Let's Make a Deal

Doing research and then trying to explain it to others isn't something new to me. I've always been of the opinion that if you're going to wonder about something, you might as well find out the answer, so I end up doing that a lot off of discussions I have with friends. Never in my life have I encountered such a storm of fury as when I tried to explain the Monty Hall Selection Theory.

And it's not just me, I've been reading on other people going ballistic over this, so I'm going to warn you up front: the solution to this problem is nonintuitive. That means, it doesn't work like you feel it "should." Keep an open mind and we'll get there.

The Monty Hall problem is named after its resemblance to the old TV game show Let's Make a Deal. Here are the rules to your game:

1. There are 3 doors to select, you may select any one of them.
2. Behind exactly one door is a prize.
3. After that selection, one door that does not have the prize behind it will be opened and eliminated as an option.
4. You then have the option of keeping your initial selection, or switching to the other unopened door.

The puzzle then says: what should you do to try to win? Keep your pick, switch to the other door, or does it not matter? Not to beat around the bush, the answer is: switch. Your odds of winning double if you change your selection.

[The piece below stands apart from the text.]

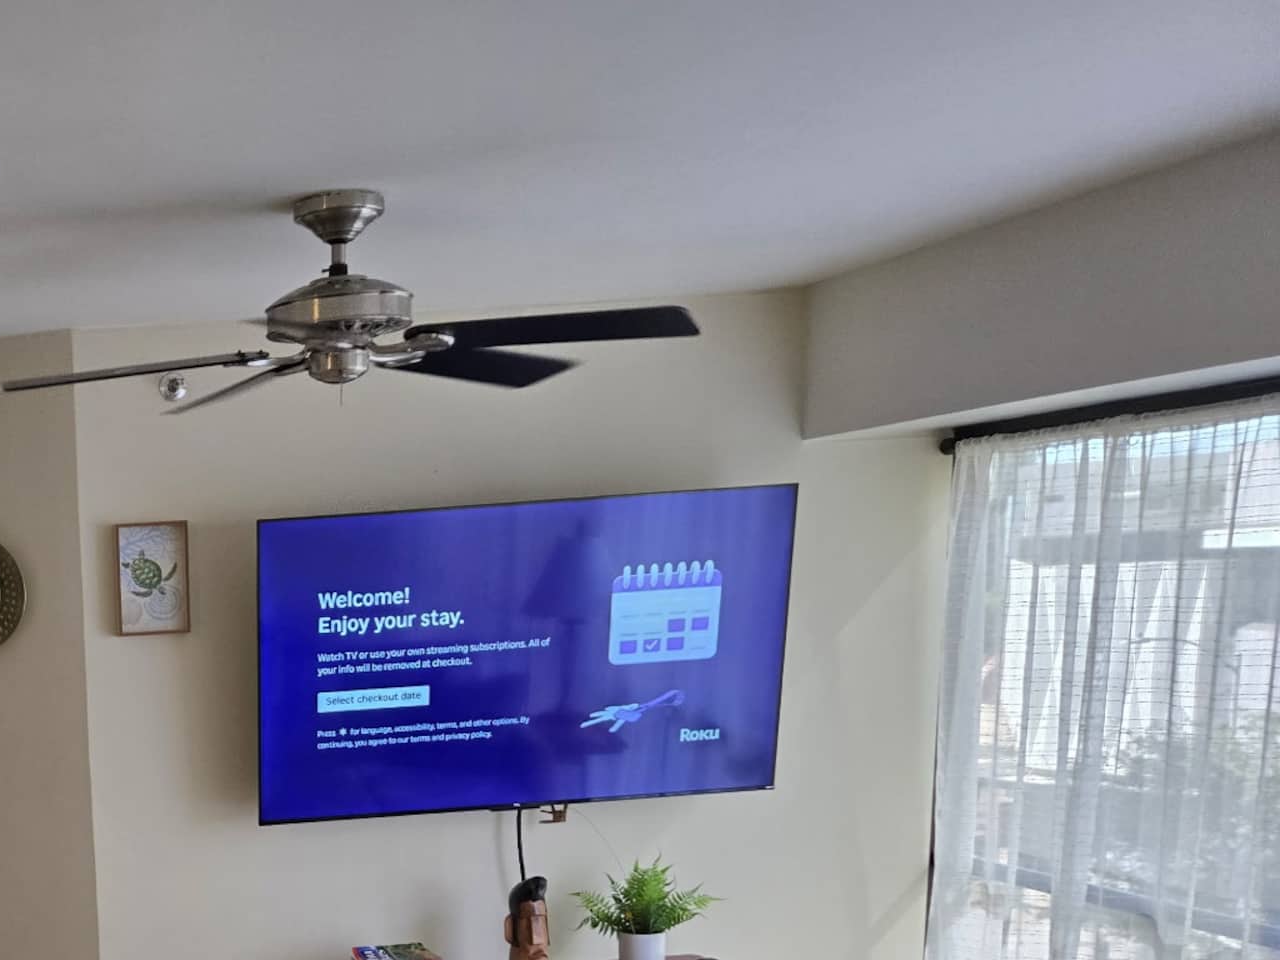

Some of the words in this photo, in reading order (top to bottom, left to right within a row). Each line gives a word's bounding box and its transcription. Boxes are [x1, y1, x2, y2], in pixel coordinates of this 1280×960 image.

This is where I'm going to remind you of what I said above about it being nonintuitive. Here's where I try to explain 4 ways. If one doesn't get you there, maybe the others will.

I. Logical

Your odds of getting the correct choice on the first pick are 1 in 3, obviously. Also obvious, if you don't change your selection, your odds don't change, so staying with your initial selection keeps your odds at 1 in 3.
However, if you didn't select correctly initially, as you won't 2 times in 3, switching will win.
Odds while staying: 1 in 3. Odds while switching: 2 in 3.

II. Mathematical/Rigorous
There are 3 options for where the prize is, we'll call them doors A, B, and C, and similarly 3 selections you can make, so there are 9 scenarios to consider.

If you keep:
Select A, prize A: Either eliminated, you win.
Select A, prize B: C eliminated, you lose.
Select A, prize C: B eliminated, you lose.
Select B, prize A: C eliminated, you lose.
Select B, prize B: Either eliminated, you win.
Select B, prize C: A eliminated, you lose.
Select C, prize A: B eliminated, you lose.
Select C, prize B: A eliminated, you lose.
Select C, prize C: Either eliminated, you win.
Odds of winning: 3 in 9 (1/3)

If you switch:
Select A, prize A: Either eliminated, switch to the other and lose.
Select A, prize B: C eliminated, switch to B and win.
Select A, prize C: B eliminated, switch to C and win.
Select B, prize A: C eliminated, switch to B and win.
Select B, prize B: Either eliminated, switch to the other and lose.
Select B, prize C: A eliminated, switch to C and win.
Select C, prize A: B eliminated, switch to A and win.
Select C, prize B: A eliminated, switch to B and win.
Select C, prize C: Either eliminated, switch to the other and lose.
Odds of winning: 6 in 9 (2/3)

III. Intuitive

Imagine the same game, but with a million doors instead of three. After 999,998 eliminations, you can keep your door or switch to the only one of the other 999,999 not eliminated. Does your first one-in-a-million pick still seem so good?

Does it help if you think of your choice not as "Door A. vs. Door C" but "Door A vs. everything else?"

IV. Experimental

As a last result, play the game. Keep track. After 50 or so trials, you'll see, you win twice as often by switching. Seeing it happen should also reinforce the first explanation: the keeping strategy only wins (1/3) when you were right the first time, and every other time (2/3) the switching strategy wins.

If you're really clever, perhaps you can get a friend to play with you. One with deep pockets is even better.